Objectives This study aims at exploring and quantifying multiple types of adverse events (AEs) experienced by patients during cancer treatment. A novel longitudinal score to evaluate the Multiple Overall Toxicity (MOTox) burden is proposed. The MOTox approach investigates the personalised evolution of high overall toxicity (high-MOTox) during the treatment. Design Retrospective analysis of the MRC-BO06/EORTC-80931 randomised controlled trial for osteosarcoma. Setting International multicentre population-based study. Participants A total of 377 patients with resectable high-grade osteosarcoma, who completed treatment within 180 days after randomisation without abnormal dosages (+25% higher than planned). Interventions Patients were randomised to six cycles of conventional versus dose-intense regimens of doxorubicin and cisplatin.
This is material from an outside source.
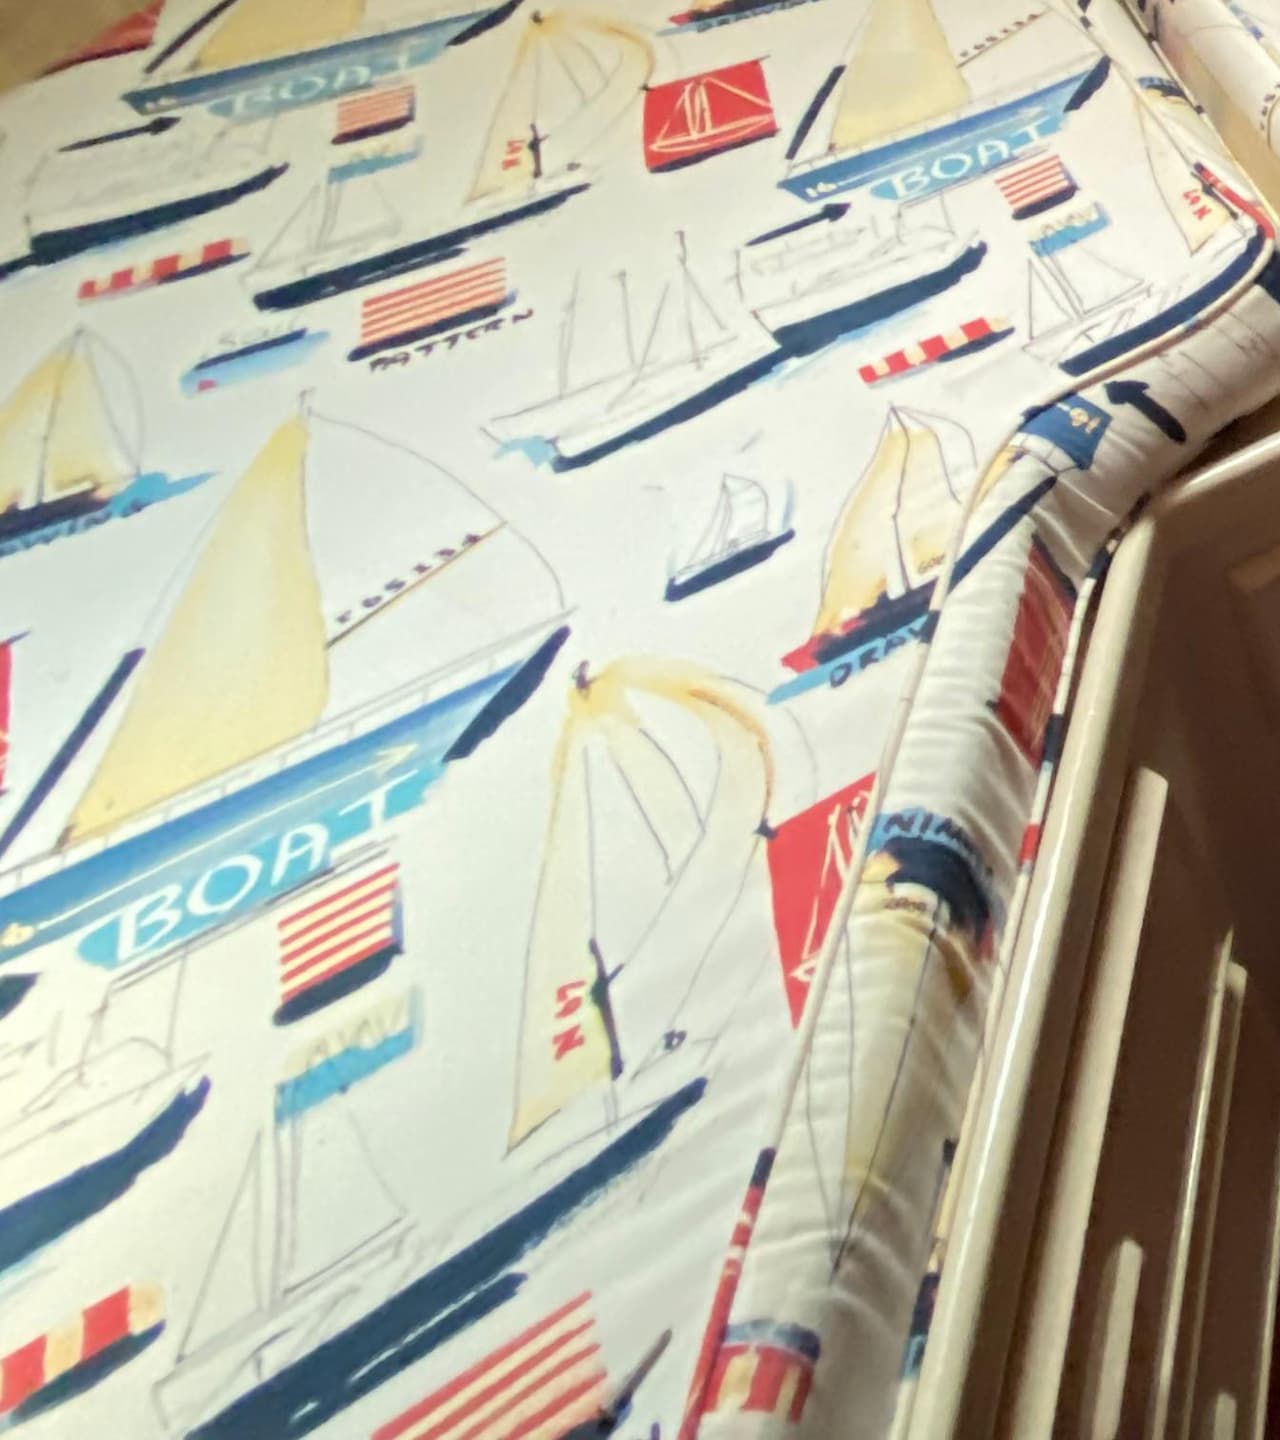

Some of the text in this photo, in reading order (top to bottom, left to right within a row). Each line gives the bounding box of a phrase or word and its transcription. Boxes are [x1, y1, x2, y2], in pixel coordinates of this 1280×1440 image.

[888, 116, 1049, 197] BOAT
[370, 308, 535, 373] PATTERN
[116, 768, 420, 962] BOAT
Non-haematological toxicity data were collected prospectively and graded according to the Common Terminology Criteria for Adverse Events (CTCAE). Main outcome measures The MOTox score described the overall toxicity burden in terms of multiple toxic AEs, maximum-severity episode and cycle time-dimension. Evolution of high-MOTox was assessed through multivariable models, that investigated the impact of personalised characteristics (eg, achieved chemotherapy dose, previous AEs or biochemical factors) cycle-by-cycle. Results A cycle-by-cycle analysis identifies different evolutions of MOTox levels during treatment, detecting differences in patients' health. Mean MOTox values and percentages of patients with high-MOTox decreased cycle-by-cycle from 2.626 to 1.953 and from 57.8% to 36.6%, respectively. High-MOTox conditions during previous cycles were prognostic risk factors for a new occurrence (ORs range from 1.522 to 4.439), showing that patient's history of toxicities played an important role in the evolution of overall toxicity burden during therapy. Conventional regimen may be preferred to dose-intense in terms of AEs at cycles 2-3 (p<0.05). Conclusions The novel longitudinal method developed can be applied to any cancer studies with CTCAE-graded toxicity data. After validation in other studies, the MOTox approach may lead to improvements in healthcare assessment and treatment planning.